Queen Elizabeth II, who could end up being the longest serving monarch ever will be entering the sixtieth year of her reign and there is a climax building up for a royal celebration of the Diamond Jubilee. The entire country is contributing in its own way to make the occasion really special. Apart from commemorative products being designed things related to the royalty has gained prominence. We had recently seen an exhibition of the royal jewels as part of the diamond jubilee celebrations. The response was very enthusiastic and now an exhibition of royal gloves has been launched to continue the celebrations. There are wide ranging gloves that have adorned royal hands but the highlight of the exhibition is an antique piece worn by the first Queen Elizabeth at her coronation on January 15, 1559.
The glove which is over 450 years old is rather ornate. The glove is hand sewn from white alum tawed leather. The royal glove from the sixteenth century has a cuff which is decorated beautifully with pearls, sequins and silver thread. Gloves are an important and essential part of the royal attire. The collection is being displayed at Selfridges’ London flagship. It is well known that the current Queen of England is very fond of gloves and wears them at all public engagements. She has obviously built up a large collection of gloves over her sixty year reign.

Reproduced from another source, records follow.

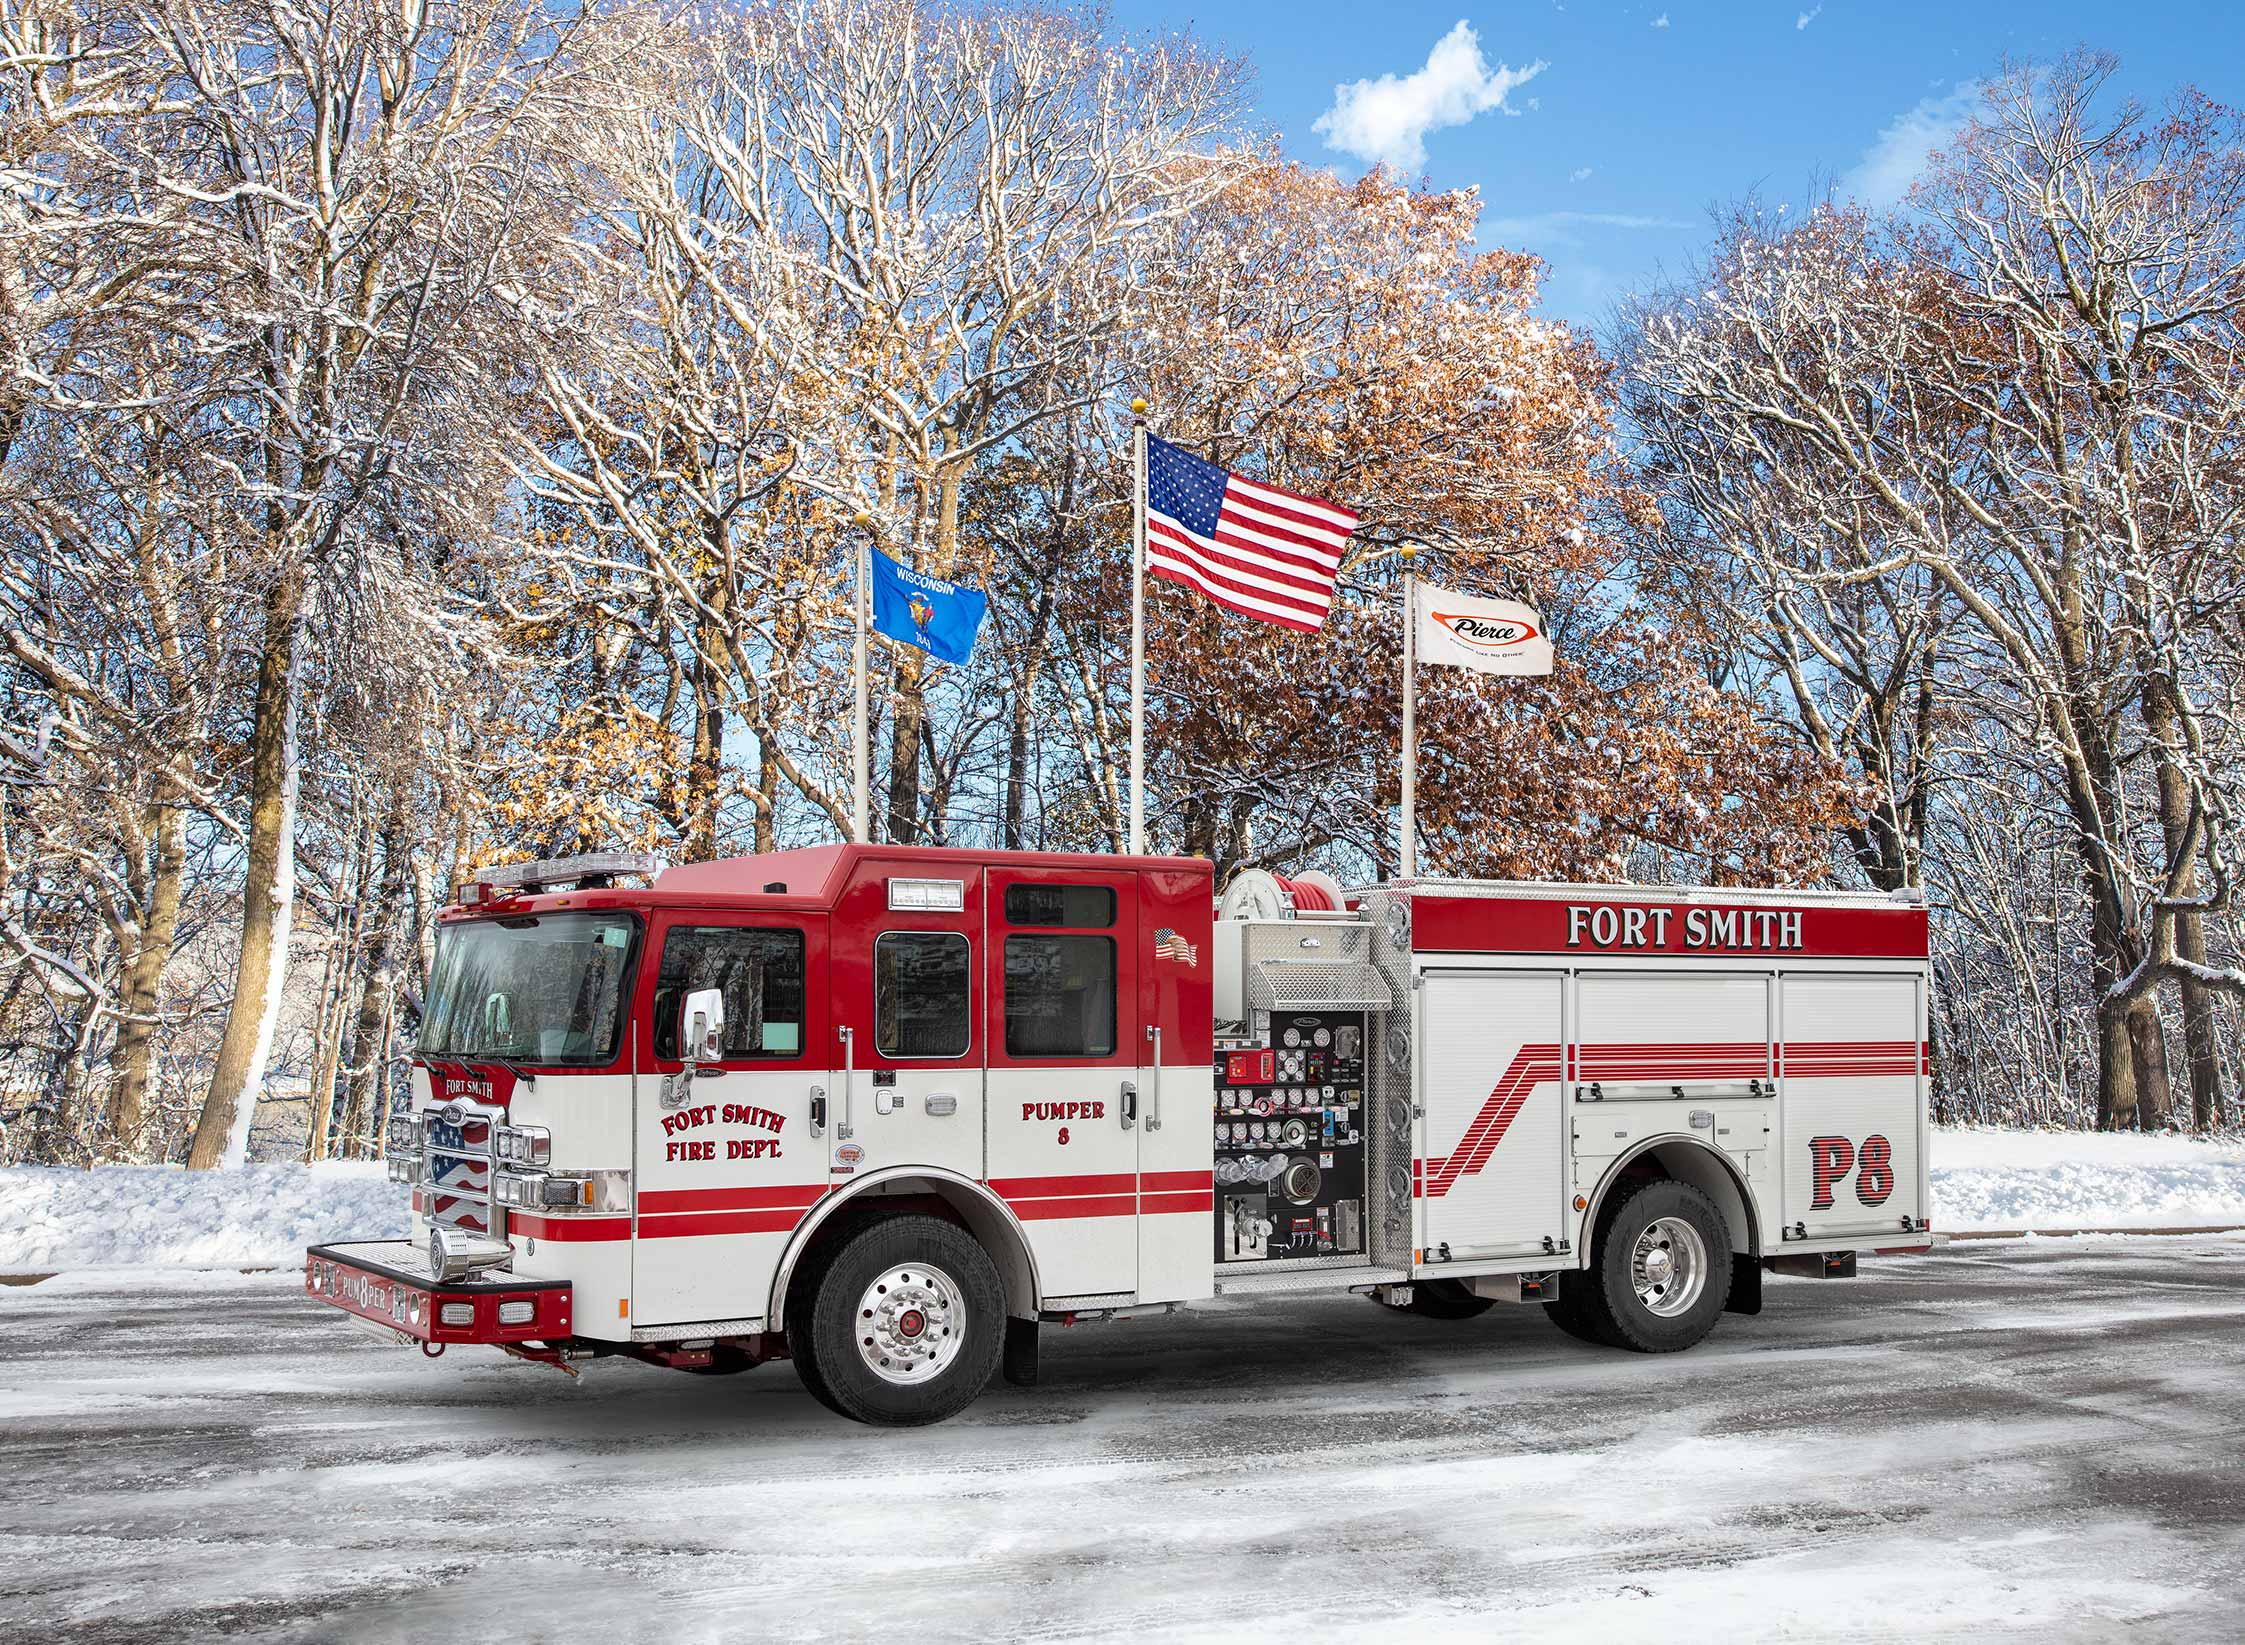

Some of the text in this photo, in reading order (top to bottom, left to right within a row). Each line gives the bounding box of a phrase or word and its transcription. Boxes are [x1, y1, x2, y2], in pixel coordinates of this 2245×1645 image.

[896, 567, 955, 596] WISCONSIN
[1454, 619, 1515, 639] Pierce
[1566, 906, 1804, 951] FORT SMITH
[445, 1079, 493, 1100] FORT SMITH
[661, 1103, 787, 1137] FORT SMITH
[1022, 1101, 1105, 1121] PUMPER
[1057, 1126, 1070, 1146] 8
[665, 1139, 783, 1162] FIRE DEPT.
[1807, 1134, 1895, 1211] P8

The collection of gloves on display boasts of pieces from Queen Elizabeth I’s personal wardrobe as well as those worn by Queen Victoria. The Victorian gloves are those made in 1897 on the occasion of the diamond jubilee of her reign. Apart from the embroidered ornamental gloves there is mourning gloves worn by the Queen following her husband’s death. Dents is the firm which has been creating top-of-the-line hand-made gloves for over two centuries now for the royal family. They had also made the gloves for King George VI’s coronation in 1937. The firm had graciously allowed the royal gloves to be loaned to the exhibition. Selfridge’s is organizing a series of exhibitions called the Big Bang exhibition in honor of the Queen’s diamond jubilee.